Need a long-term heart monitor? Just get this rather unique tattoo

28 Mar 2018

The tattoo medical sensor is less than one micrometre in thickness. Image: Lunghammer/TU Graz

Patients in the future who need to be monitored in the long term will no longer need to wear bulky equipment – instead, they will get a special tattoo.

While the bulkiness of many medical monitoring devices has shrunk considerably from just a decade or two ago, many common long-term monitoring methods – such as electrocardiogram (ECG) and electromyography (EMG) – still require cumbersome and stiff devices.

Aside from not being comfortable, the gel on the electrodes dries out after a short time, making any long-term studies much more difficult.

However, new research led by the Graz University of Technology in Austria has found a novel method that would allow a patient to be ‘tattooed’ with sensors to overcome these mobility issues for ECGs and EMGs.

In a paper published to the journal Advanced Science, the team revealed that it had refined polymers capable of being printed on commercial temporary-tattoo paper, producing single or multiple electrode arrangements.

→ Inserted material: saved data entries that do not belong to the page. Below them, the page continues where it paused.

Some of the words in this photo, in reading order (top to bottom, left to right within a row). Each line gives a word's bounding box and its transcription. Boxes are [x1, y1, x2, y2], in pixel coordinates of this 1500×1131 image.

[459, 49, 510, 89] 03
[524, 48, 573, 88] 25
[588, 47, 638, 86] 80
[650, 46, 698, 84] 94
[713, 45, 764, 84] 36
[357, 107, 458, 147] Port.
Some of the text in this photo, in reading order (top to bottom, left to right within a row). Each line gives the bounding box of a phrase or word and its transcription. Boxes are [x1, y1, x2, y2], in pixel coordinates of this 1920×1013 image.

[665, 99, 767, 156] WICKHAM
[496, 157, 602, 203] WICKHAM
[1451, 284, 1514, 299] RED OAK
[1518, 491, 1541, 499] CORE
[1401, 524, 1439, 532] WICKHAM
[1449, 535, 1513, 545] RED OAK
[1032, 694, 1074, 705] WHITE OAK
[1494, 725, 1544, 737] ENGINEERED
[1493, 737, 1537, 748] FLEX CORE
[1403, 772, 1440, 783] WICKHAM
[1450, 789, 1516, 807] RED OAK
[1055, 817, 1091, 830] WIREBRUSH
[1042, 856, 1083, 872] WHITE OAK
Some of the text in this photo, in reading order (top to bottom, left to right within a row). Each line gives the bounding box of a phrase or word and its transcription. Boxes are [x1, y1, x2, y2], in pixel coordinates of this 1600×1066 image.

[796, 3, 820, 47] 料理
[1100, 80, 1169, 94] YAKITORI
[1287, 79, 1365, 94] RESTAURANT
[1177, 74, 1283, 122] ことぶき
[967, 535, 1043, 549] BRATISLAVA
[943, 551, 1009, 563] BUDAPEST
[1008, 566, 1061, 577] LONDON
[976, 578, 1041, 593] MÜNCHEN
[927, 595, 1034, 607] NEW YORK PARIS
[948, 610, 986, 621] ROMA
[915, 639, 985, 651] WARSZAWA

The tattoo electrodes are applied to the skin like temporary transfers and can hardly be felt by the wearer, while the external connections necessary for transmitting the signals are integrated directly into it.

Because they are less than one micrometre in thickness, the electrodes can be adapted perfectly to the uneven human skin, and can even be applied to parts of the body where traditional electrodes are not suitable, such as the face.

Francesco Greco

Francesco Greco, researcher at Graz University of Technology in Austria, with a temporary tattoo electrode. Image: Lunghammer/TU Graz

Need to go wireless

“With this method, we have managed to take a big step forward in further developing epidermal electronics,” said Francesco Greco of the research team.

“We are on a direct road to making an extremely economical and simple as well as versatile, applicable system which has enormous market potential.”

Another advantage of the tattoo monitor, the team added, is that even with a perforation of the tattoo – such as through the growth of a hair – the sensor can still perform perfectly.

Using existing systems, hair growth causes considerable inaccuracies in the readings but in testing, this sensor went three days with no problems in transmission.

Electrodes of different sizes and arrangements could also be produced using the printer and individually adapted to a body part needed to be analysed.

“We are working on the development of wireless tattoo electrodes with integrated transistors, which would make it possible to both send and receive signals,” Greco said.

“Not only could we measure impulses using this method, but we could also stimulate body regions in a targeted way.”